* WHAT THIS TASK INVOLVES: The records below are to be reproduced exactly, and no picture should appear in the copy.

==============================

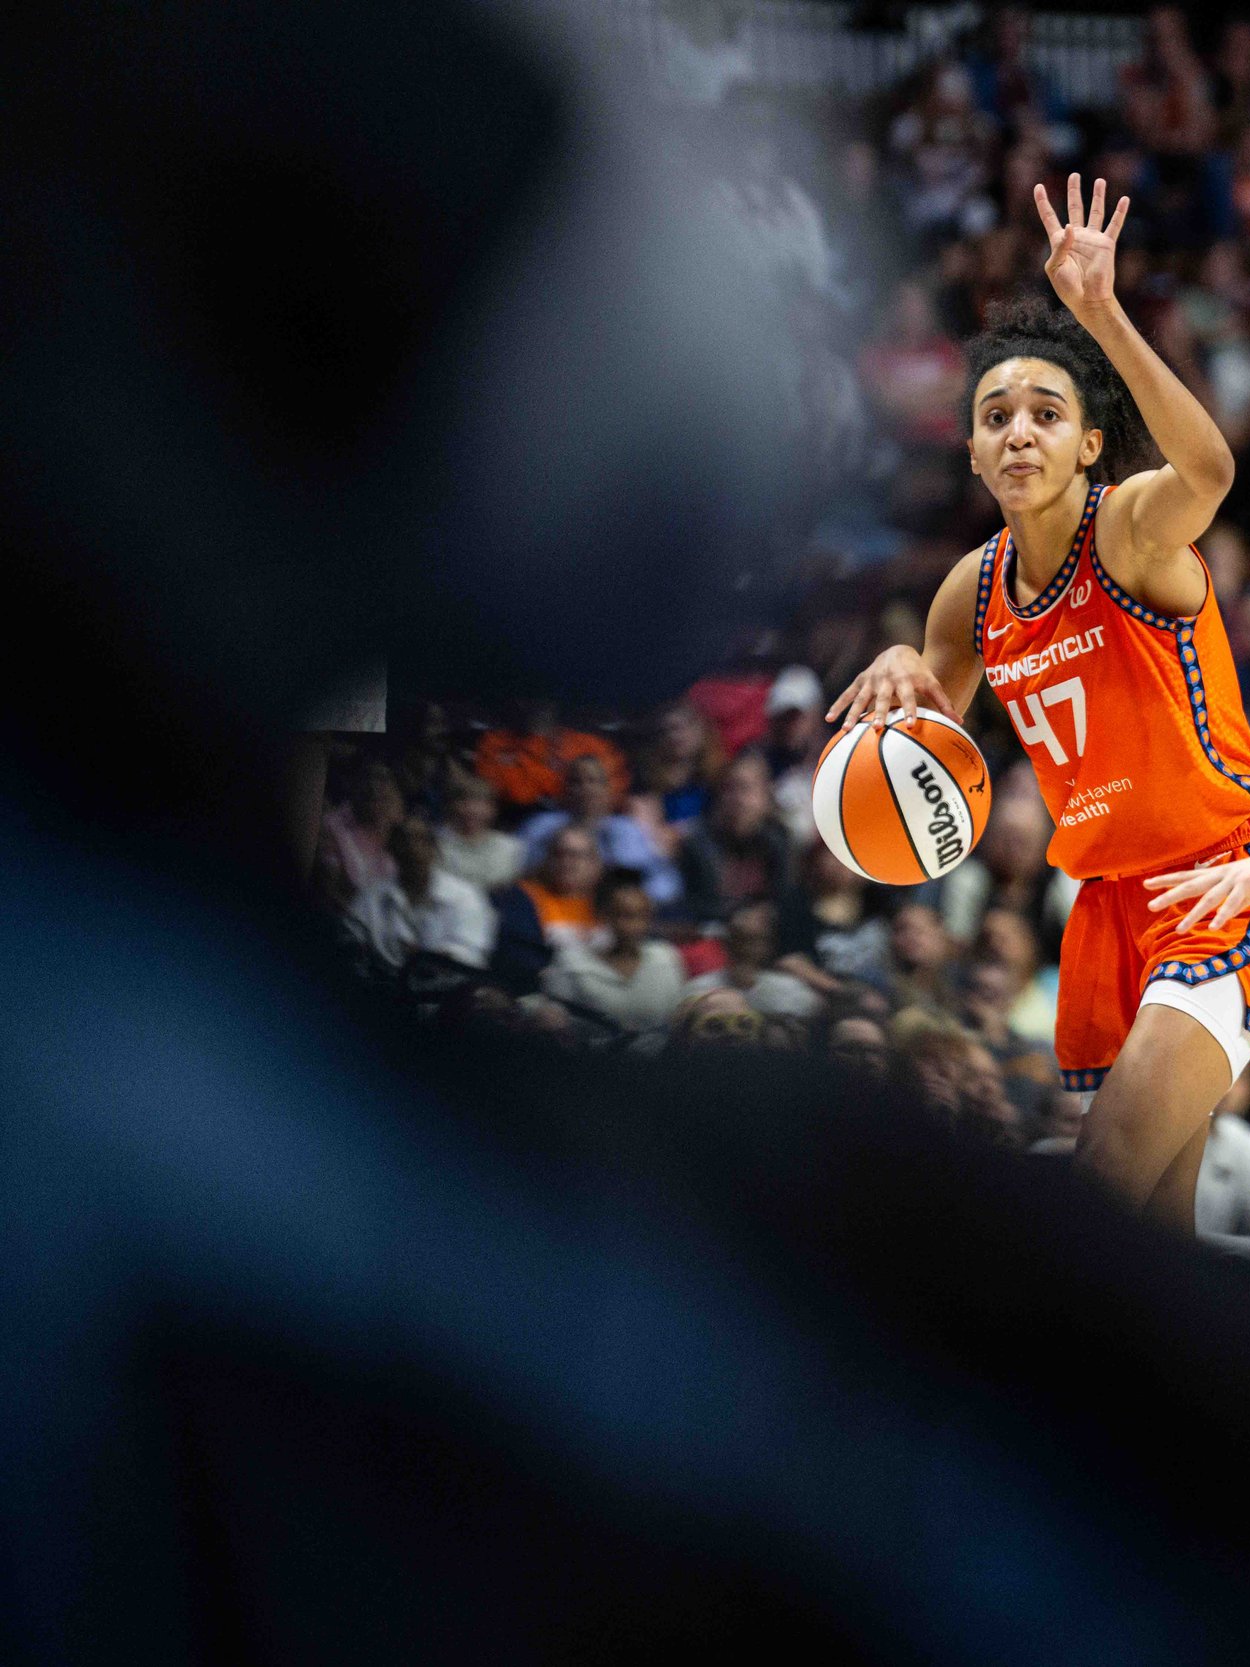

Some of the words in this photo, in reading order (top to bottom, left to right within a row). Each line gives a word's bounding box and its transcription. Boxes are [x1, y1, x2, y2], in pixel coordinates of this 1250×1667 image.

[985, 625, 1105, 687] CONNECTICUT
[1006, 676, 1087, 767] 47
[910, 760, 964, 870] Wilson
[1065, 777, 1133, 809] wHaven
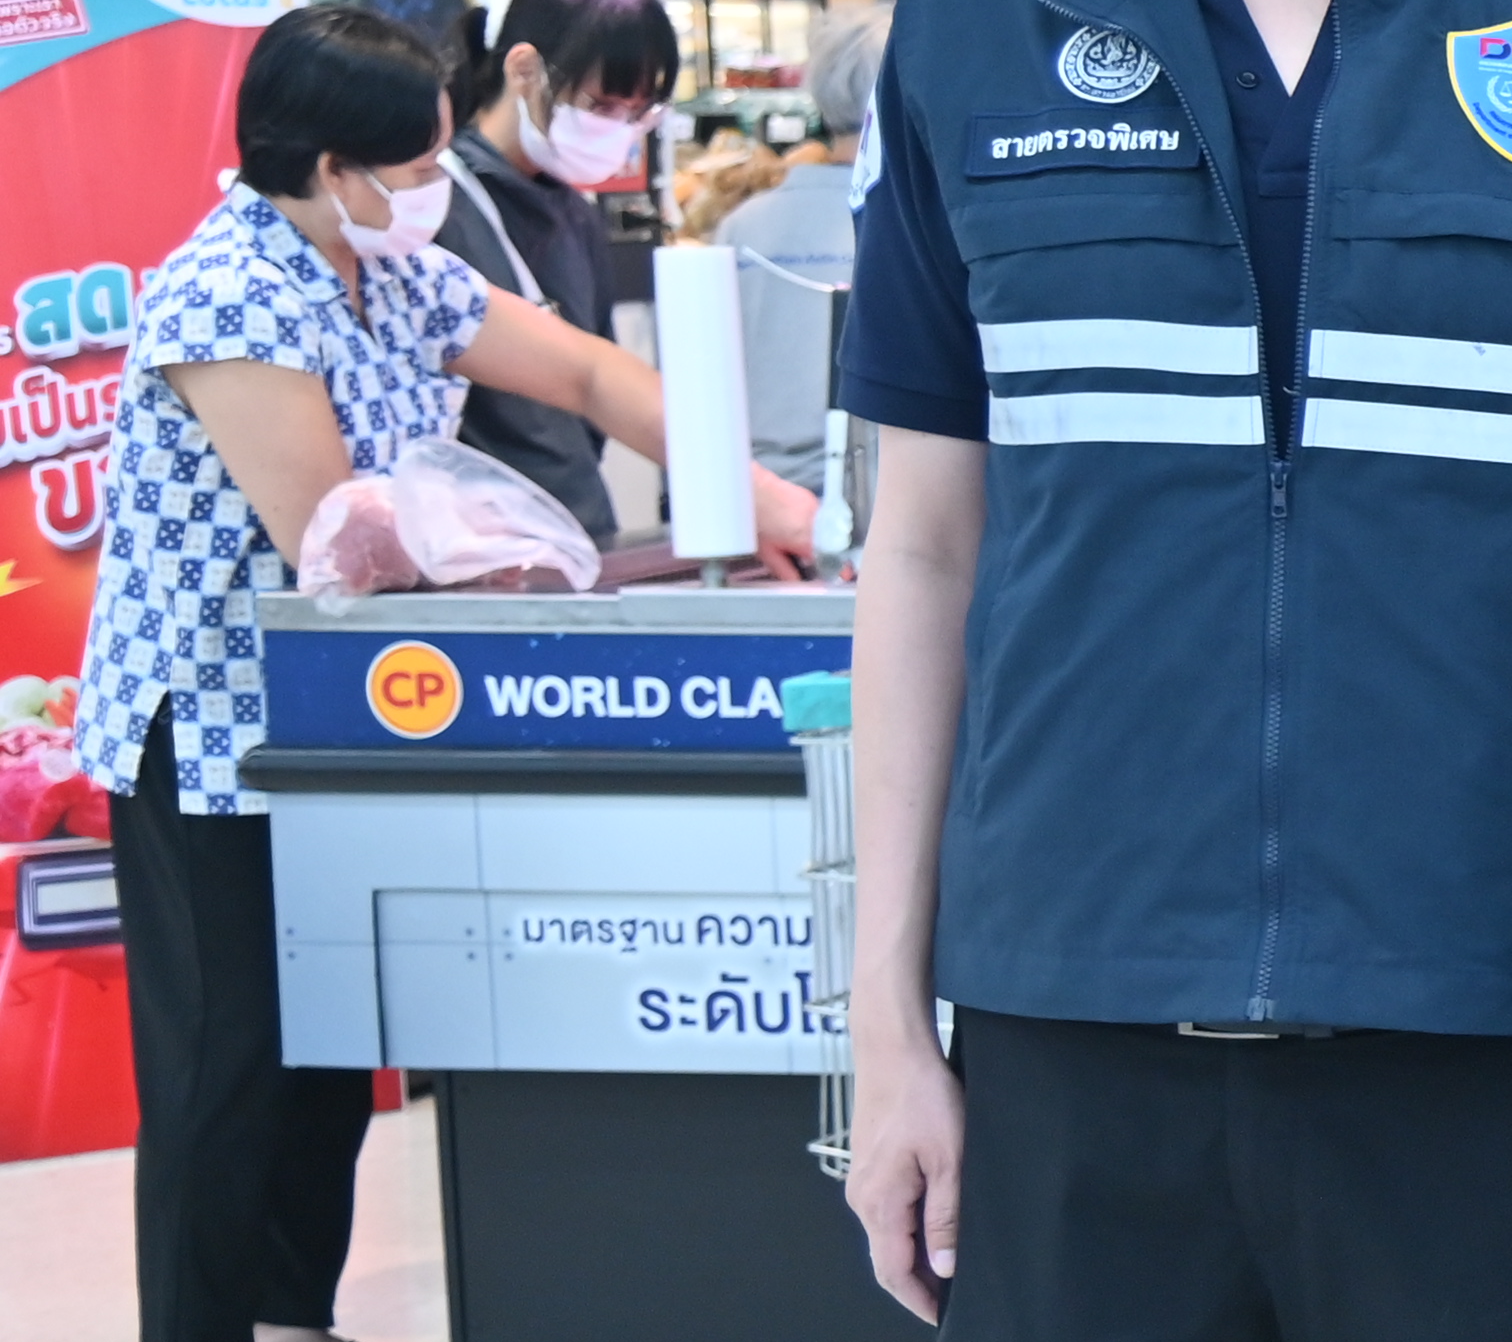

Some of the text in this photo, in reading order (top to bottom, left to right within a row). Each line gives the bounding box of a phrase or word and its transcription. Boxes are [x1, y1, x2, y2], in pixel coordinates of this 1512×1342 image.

[991, 122, 1180, 160] สายตรวจพิเศษ
[381, 671, 445, 709] CP
[484, 674, 784, 719] WORLD CLA
[523, 917, 685, 952] มาตรฐาน

==============================

* EXERCISE SOLUTION:
Some of the words in this photo, in reading order (top to bottom, left to right within a row). Each line gives a word's bounding box and its transcription. Boxes are [x1, y1, x2, y2], in pixel coordinates of this 1250×1667 image.

[985, 625, 1105, 687] CONNECTICUT
[1006, 676, 1087, 767] 47
[910, 760, 964, 870] Wilson
[1065, 777, 1133, 809] wHaven

Some of the text in this photo, in reading order (top to bottom, left to right within a row). Each line gives the bounding box of a phrase or word and its transcription. Boxes are [x1, y1, x2, y2], in pixel coordinates of this 1512×1342 image.

[991, 122, 1180, 160] สายตรวจพิเศษ
[381, 671, 445, 709] CP
[484, 674, 784, 719] WORLD CLA
[523, 917, 685, 952] มาตรฐาน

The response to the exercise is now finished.